HTML and PDF are fundamentally different.
HTML is being changed to allow
greater control over the appearance of a document and PDF is being changed to
allow the meaning of a document to be better represented. However, the fact that
the two specifications are based on diametrically opposed concepts does mean that
it can be difficult to convert between the two.
ABCpdf
can use the MSHTML engine (used in Microsoft Internet Explorer) or
the Gecko engine (used in Mozilla Firefox) to parse and
preprocess the HTML for insertion into your PDF. This provides an
extremely accurate rendition of the HTML. Due to the differences in
behavior and capabilities of the underlying rendering engine, you should expect
differences in the rendered output when switching HTML
engine. Please refer to Engine,
ForMSHtml, and
ForGecko for further elaborations on the engines' distinct characteristics.
| | |
|
|
ABCpdf holds a cache of recently requested URLs and it's only after
five minutes or so that these pages expire from the cache.
This results
in a considerable degree of optimization for many common operations. However, if
you wish to bypass the cache, you can do so by setting the DisableCache parameter
to true when you call AddImageUrl or AddImageHtml. Occasionally, you may
find that your page is being cached elsewhere. There are all kinds of places this
can happen. For example, Windows sometimes caches individual page resources. Proxy
servers may cache entire pages.
The
standard reason that content gets cached is that pages are sending
HTTP header information which indicates that it is acceptable to cache
this content. If you are using the Internet Explorer HTML engine,
sometimes it will insist to cache certain Web pages. In that case, your
first step should be to use a tool like IEWatch to view the content
expiration headers. Indeed, you may find that simply adjusting the
content expiration settings found in the IIS Management Console will
resolve the issue. If
you want to be totally sure that your URLs are rendered afresh each time, you need
to vary the URL. For example: http://www.microsoft.com/?dummy=1 http://www.microsoft.com/?dummy=2
http://www.microsoft.com/?dummy=3 These will all render the same page (www.microsoft.com)

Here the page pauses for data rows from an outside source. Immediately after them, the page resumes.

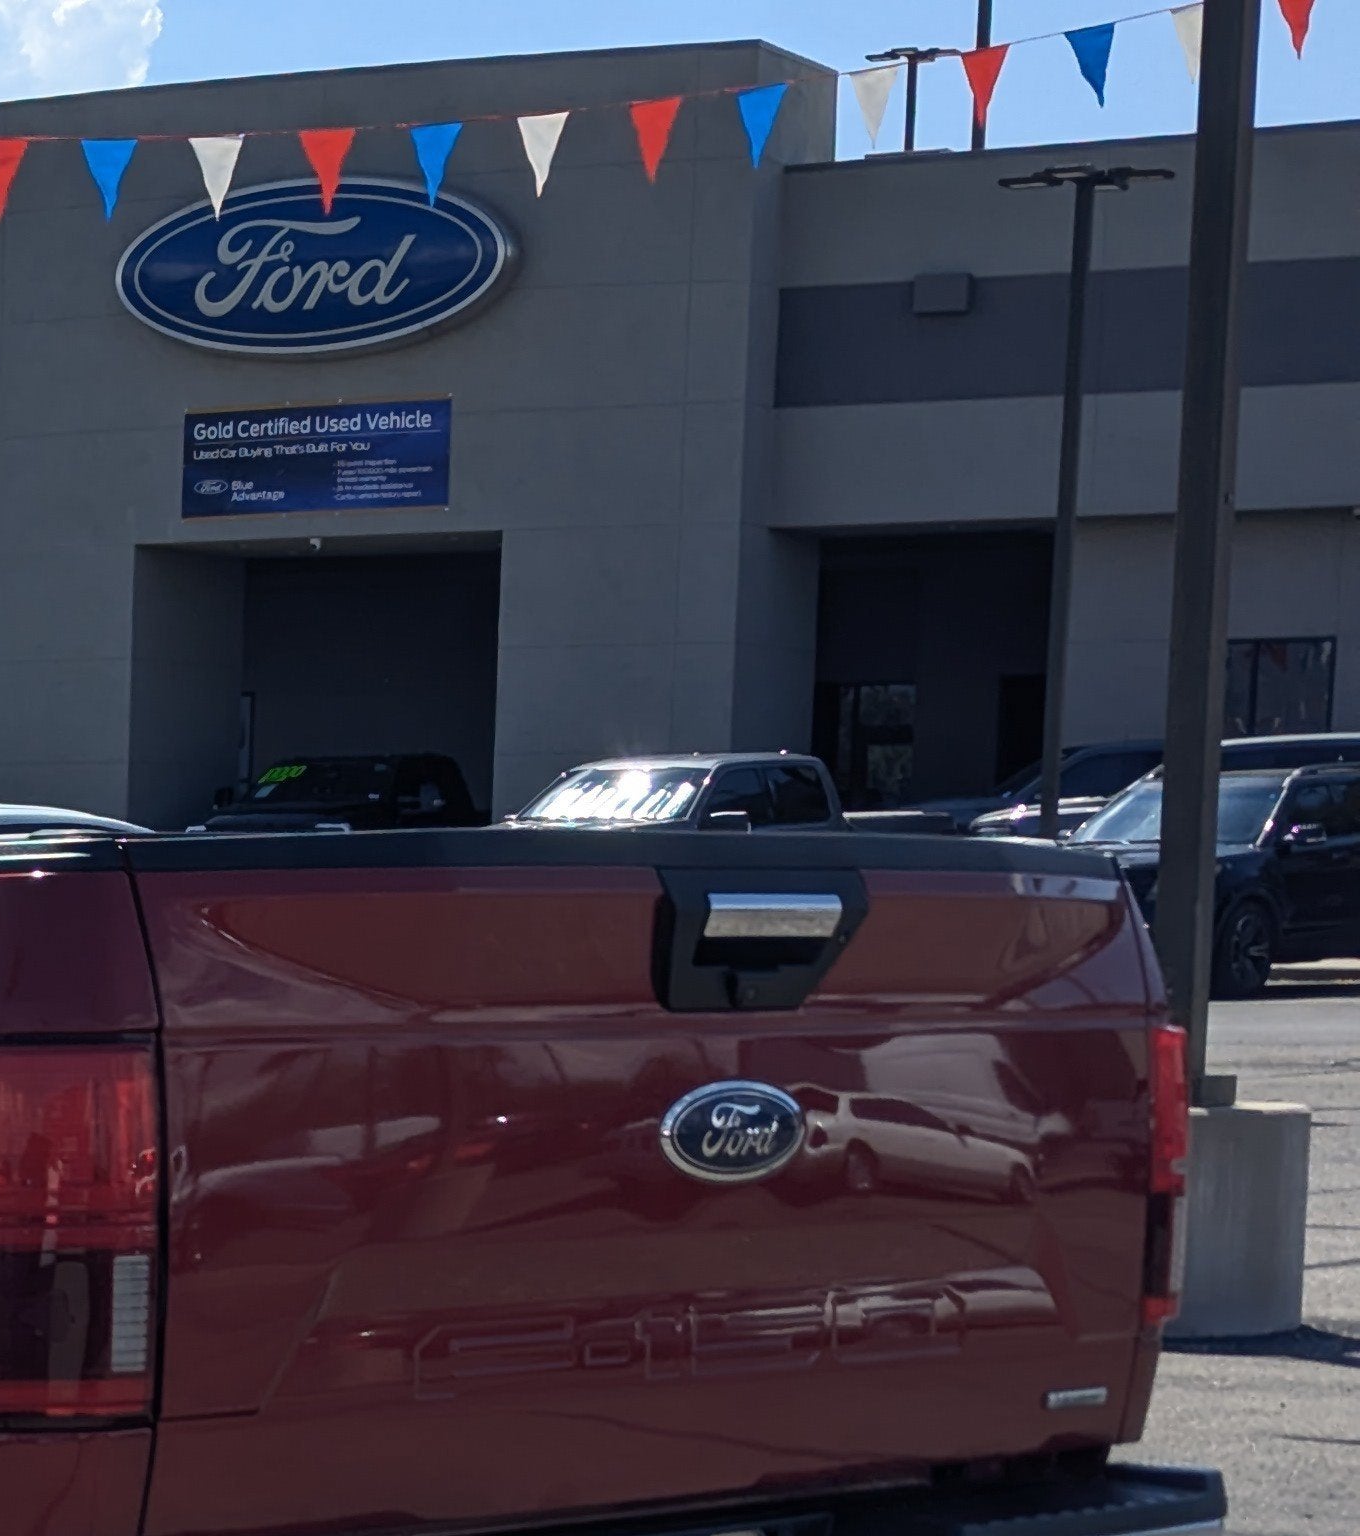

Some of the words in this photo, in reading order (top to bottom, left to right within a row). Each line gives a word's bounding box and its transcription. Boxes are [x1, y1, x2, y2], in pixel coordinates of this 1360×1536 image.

[194, 216, 416, 318] Ford
[193, 421, 233, 441] Gold
[237, 415, 311, 438] Certified
[315, 413, 362, 433] Used
[366, 410, 432, 431] Vehicle
[193, 450, 219, 461] Used
[220, 448, 236, 459] Car
[238, 446, 273, 459] Buying
[273, 444, 305, 455] That's
[306, 443, 329, 453] Built
[330, 442, 347, 452] For
[231, 480, 254, 491] Blue
[231, 490, 285, 501] Advantage
[701, 1102, 779, 1158] Ford
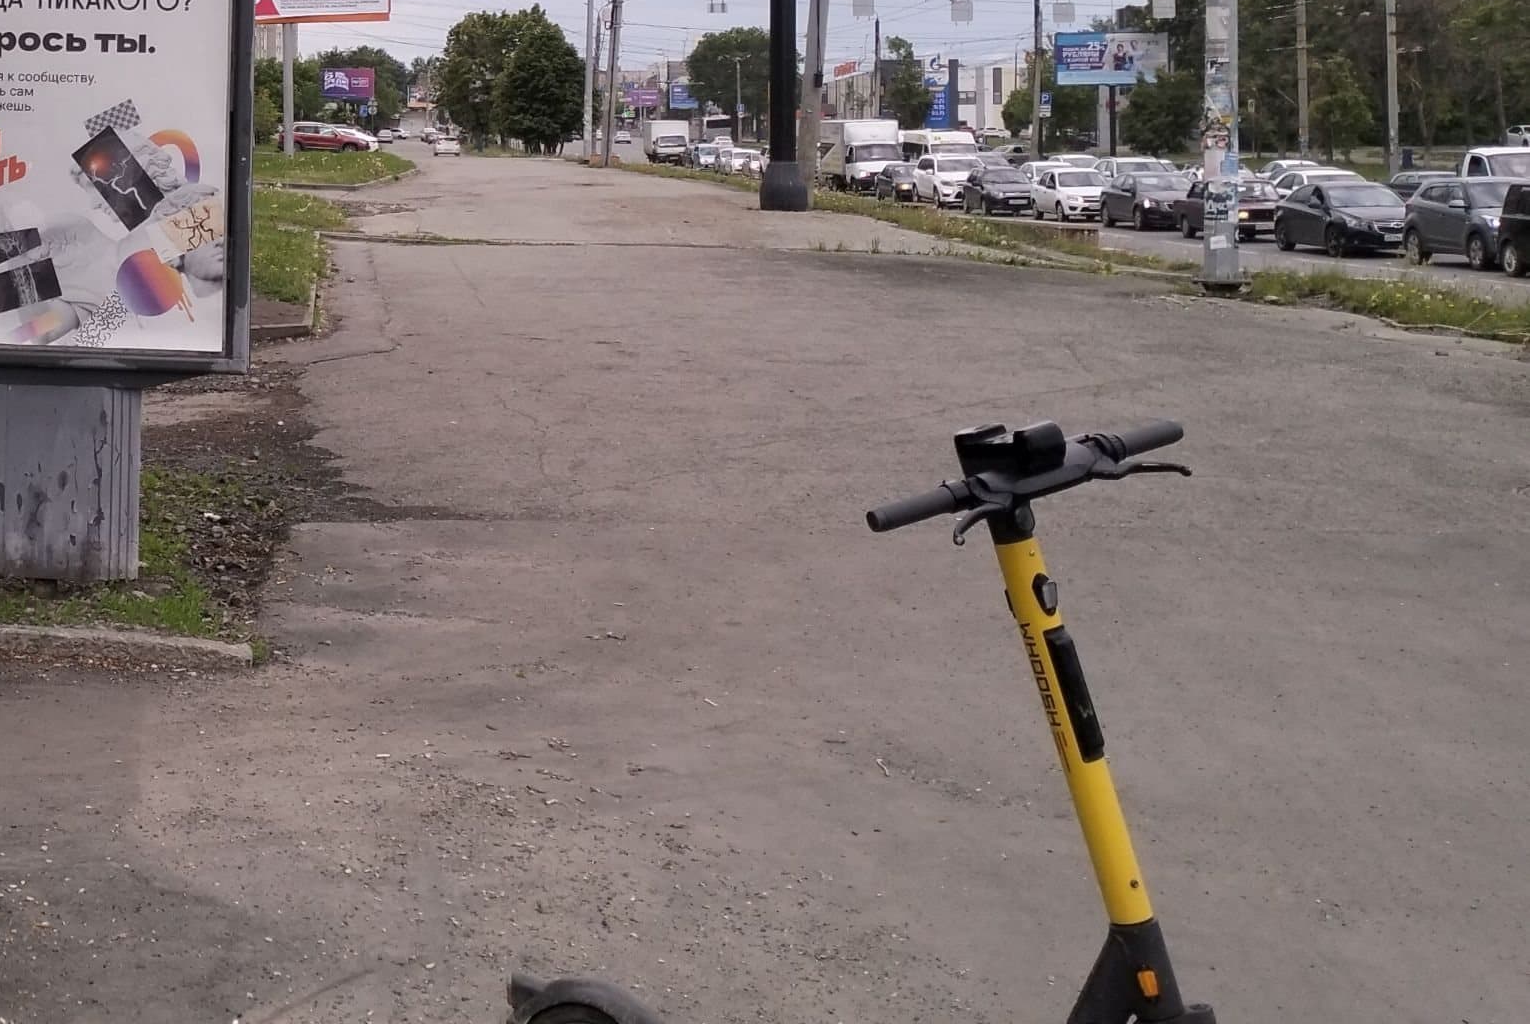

but because the URL is varying, you can be sure that they will be rendered afresh
each time.
| | | |
|
|
Obvious things will impact the speed of HTML conversion. So if you want to optimize the process look at retrieval times for your http requests, the size of your HTML and any related resources, the complexity of HTML, the speed of your computer. Tweaking these can make a big difference.
However there are also some small and simple things you may be able to do without getting into the complexity of system wide optimization.
The MSHTML rendering engine is, by default, set up for accuracy and quality. In order to ensure that the output is always good we have to enable every setting that might ever affect the output quality. This is the case even for situations in which you are not using those features.
So if your HTML does not contain features which require these settings then you can disable them. Doing so can result in significant speed improvements.
The setting which typically makes the biggest difference is HostWebBrowser but DoMarkup and AdjustLayout are also worth looking at. The actual speed increases depend very much on the input HTML, but in our tests, disabling these features for simple HTML, increased the speed of processing by about 30% for HostWebBrowser, another 10% for the DoMarkup property and another 7% for the AdjustLayout property.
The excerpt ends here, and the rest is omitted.